California would be first to give residents a third gender option

California is moving to make it easier for transgender people to identify as the gender of their choice with legislation that would give residents a way to chose on all state documents, including birth certificates and driver’s licenses.

Democratic state Sens. Toni Atkins of San Diego and Scott Wiener of San Francisco introduced legislation this spring that would add a third option to the conventional male and female choices people have when asked to declare their sex.

“The inability for people to accurately identify themselves on government documents has been a real, tangible issue for the community for years, and this policy to fix it is long overdue,” Wiener told the Washington Examiner. “Forcing people to lie on their government documents is terrible policy and a violation of people’s basic civil rights.”

California’s Gender Recognition Act would be the first piece of legislation to be enacted on the issue if passed. The proposal passed the Senate in May and is being considered by the state Assembly. Democratic Gov. Jerry Brown has not indicated if he would support the bill.

The bill would change the law that requires anyone who wishes to change his or her gender on state documents, including a birth certificate, to appear in court with a doctor’s note confirming they are going through gender treatment.

It’s unknown what alphabetical character would be used to represent the third option, though “X” has been used by other states.

Australia, Denmark, and New Zealand have adopted similar policies, and the idea is not entirely new to the U.S. This summer, Oregon and Washington, D.C., announced they would legally recognize non-binary, intersex, and agender people, though California’s approach to changing all official documents is the strongest approach so far.

Non-binary describes someone who does not fit the male or female identity, intersex refers to those born with physical characteristics not normally associated with the person’s gender, and agender refers to those who do not affiliate with either gender.

All of those groups are permitted to identify as “X” on Department of Motor Vehicles-issued government ID cards in the previously mentioned states.

“Most of us use our ID on a daily basis and take it for granted. [The bill] will make what should be a simple task much easier for our transgender and nonbinary neighbors,” Atkins said.

Residents no longer would have to prove they are undergoing treatment or undergo any medical procedures. Instead, they would have to submit an application to the State Registrar and an affidavit that the change is not being made for fraudulent purposes.

“By requiring the affidavit to be attested to under penalty of perjury, the bill would create a crime, and thus impose a state-mandated local program,” the bill states.

Underage residents would be allowed to petition for a court judgment on a change to their gender.

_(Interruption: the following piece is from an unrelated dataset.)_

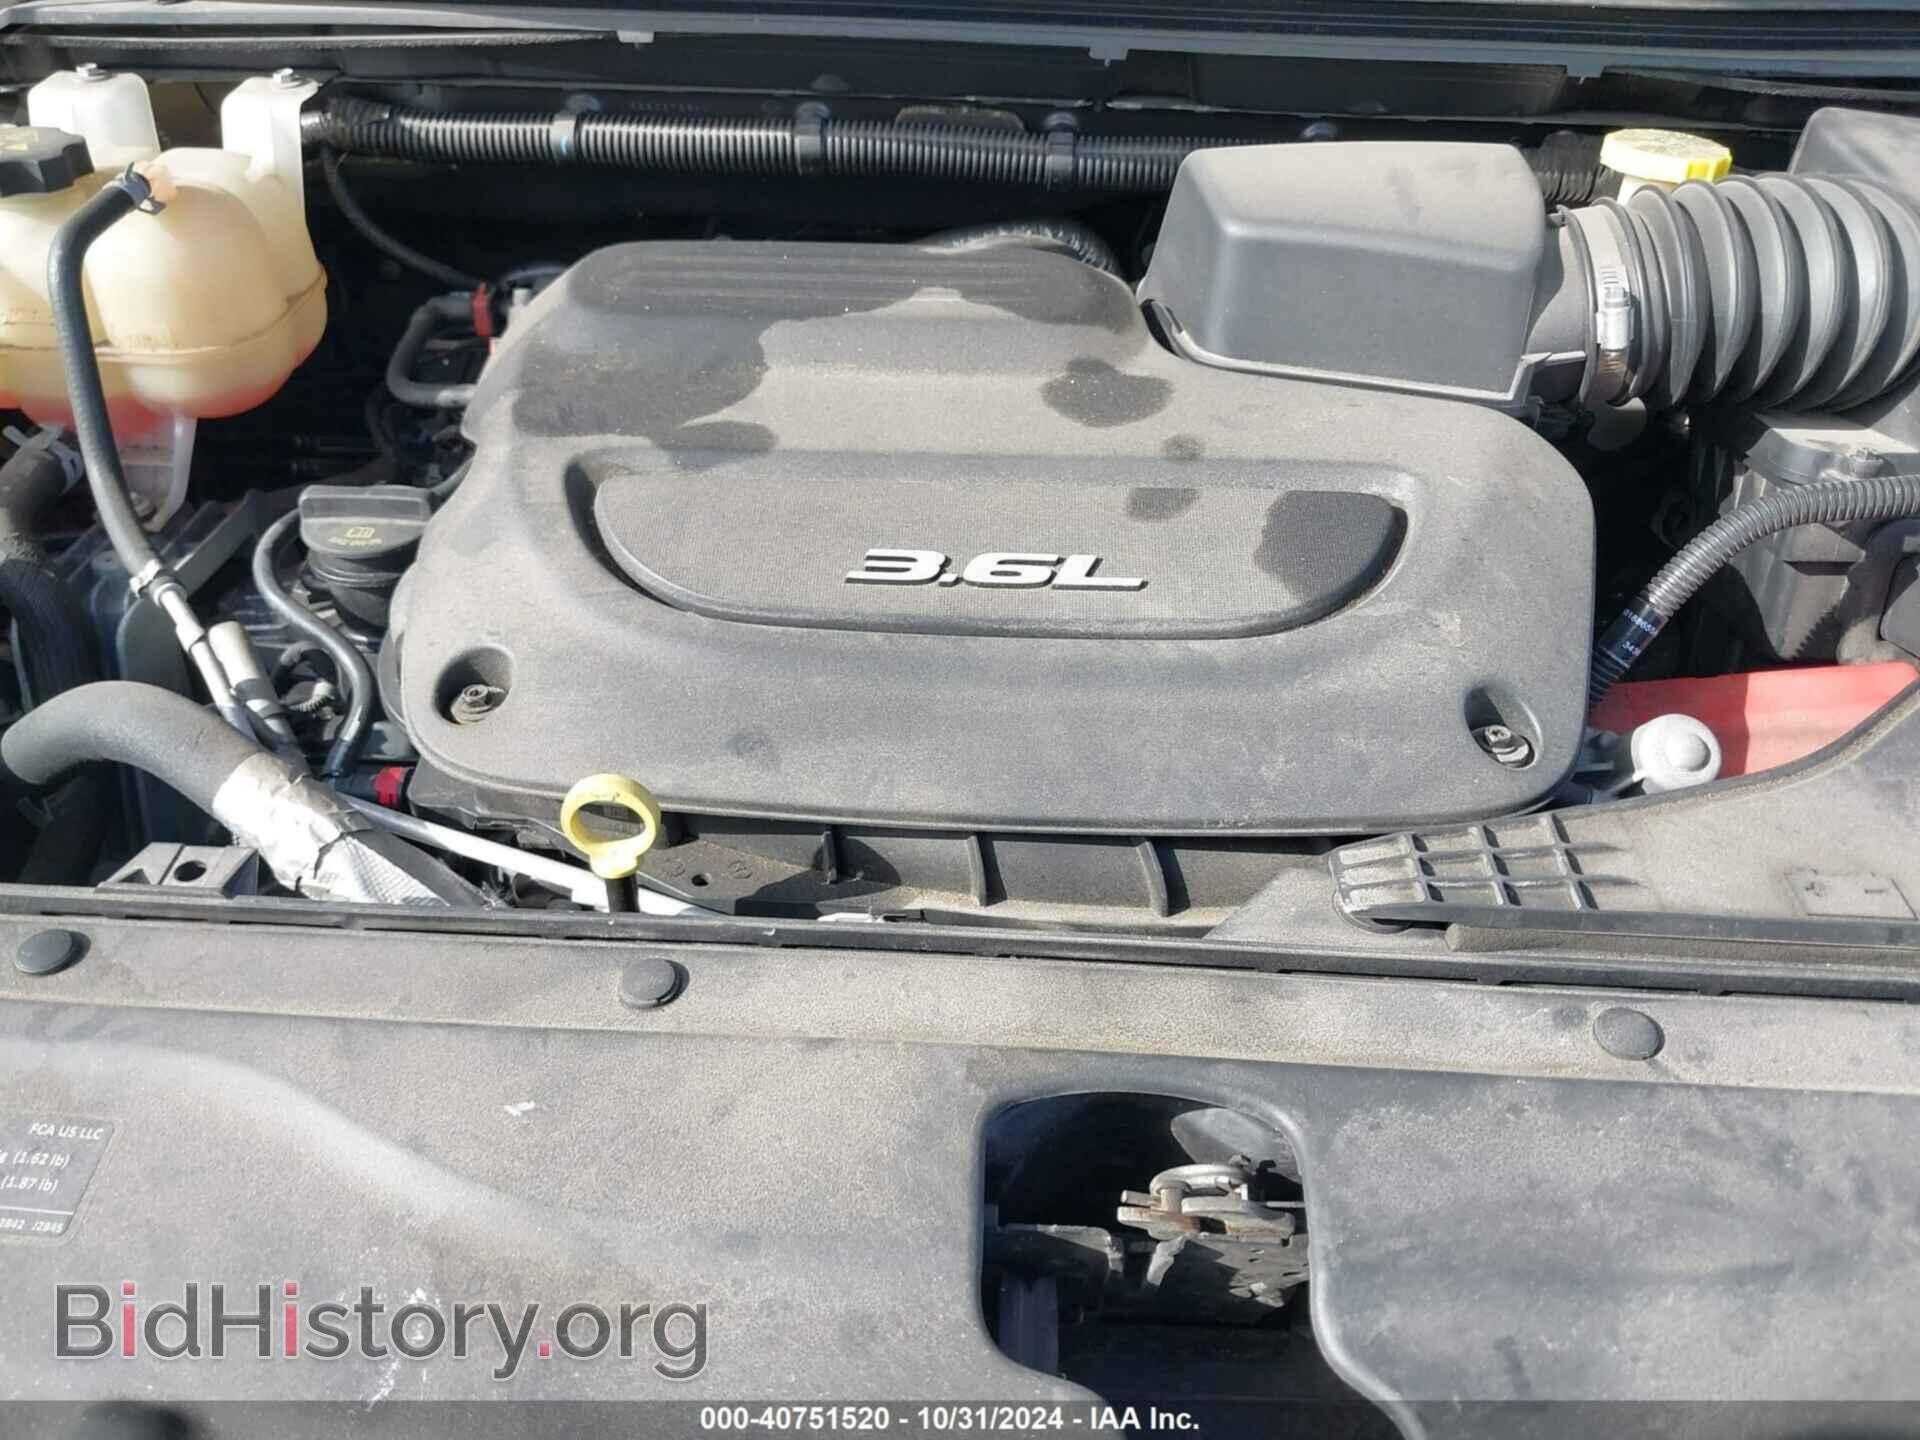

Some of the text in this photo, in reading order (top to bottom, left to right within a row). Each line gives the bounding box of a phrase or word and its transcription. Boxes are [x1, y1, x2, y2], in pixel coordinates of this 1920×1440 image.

[845, 548, 1148, 592] 3.6L
[28, 1122, 104, 1140] FCA US LLC
[50, 1152, 70, 1170] lb)
[0, 1175, 59, 1194] (1.87 lb)
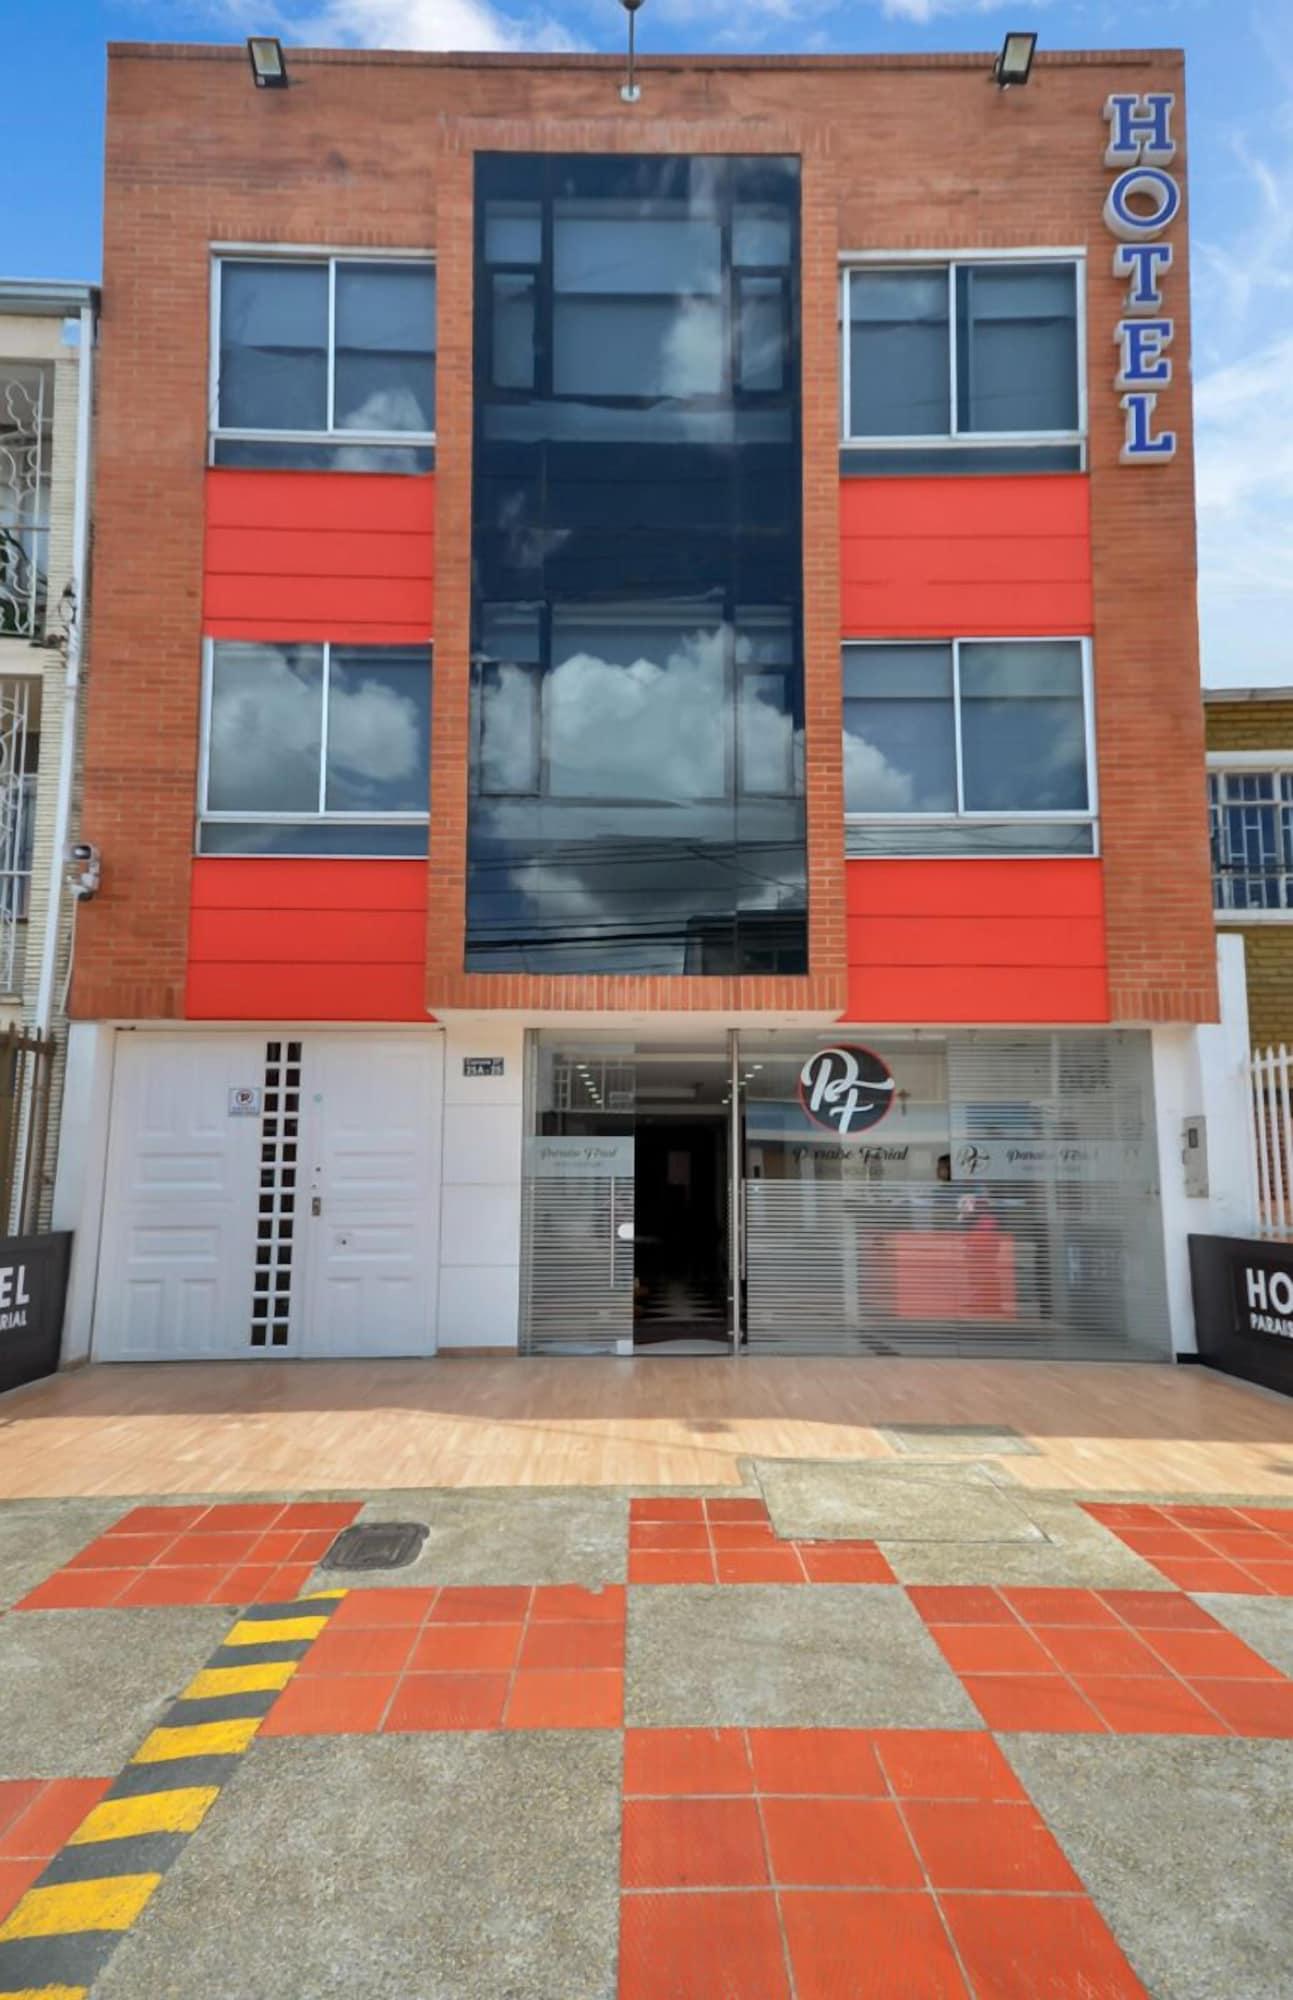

Transgender advocacy groups Equality California and Transgender Law Center co-sponsored the bill and say it is a positive step for LGBTQ human rights.

“Everyone needs access to an ID that accurately reflects who they are,” Transgender Law Center Executive Director Kris Hayashi said. “This simple measure will make daily life for many transgender and nonbinary people infinitely safer and easier.”

Other organizations, including the California Family Council, oppose the proposal and have urged lawmakers not to play God by changing how society defines gender.

“If you allow someone who is physically male to list themselves on a government document as a female, or vice versa, then the government will be legalizing a lie. That’s assuming we are still using the dictionary to define what a male and a female is,” CFC Director of Capitol Engagement Greg Burt testified before the California State Transportation and Housing Committee in April. “As state senators, I know you think you are powerful, but you do not have the authority to simply change the meaning of words just because you want to.”

If enacted, parts of the bill would go into effect Sept. 1, 2018, and others would happen on Jan. 1, 2019.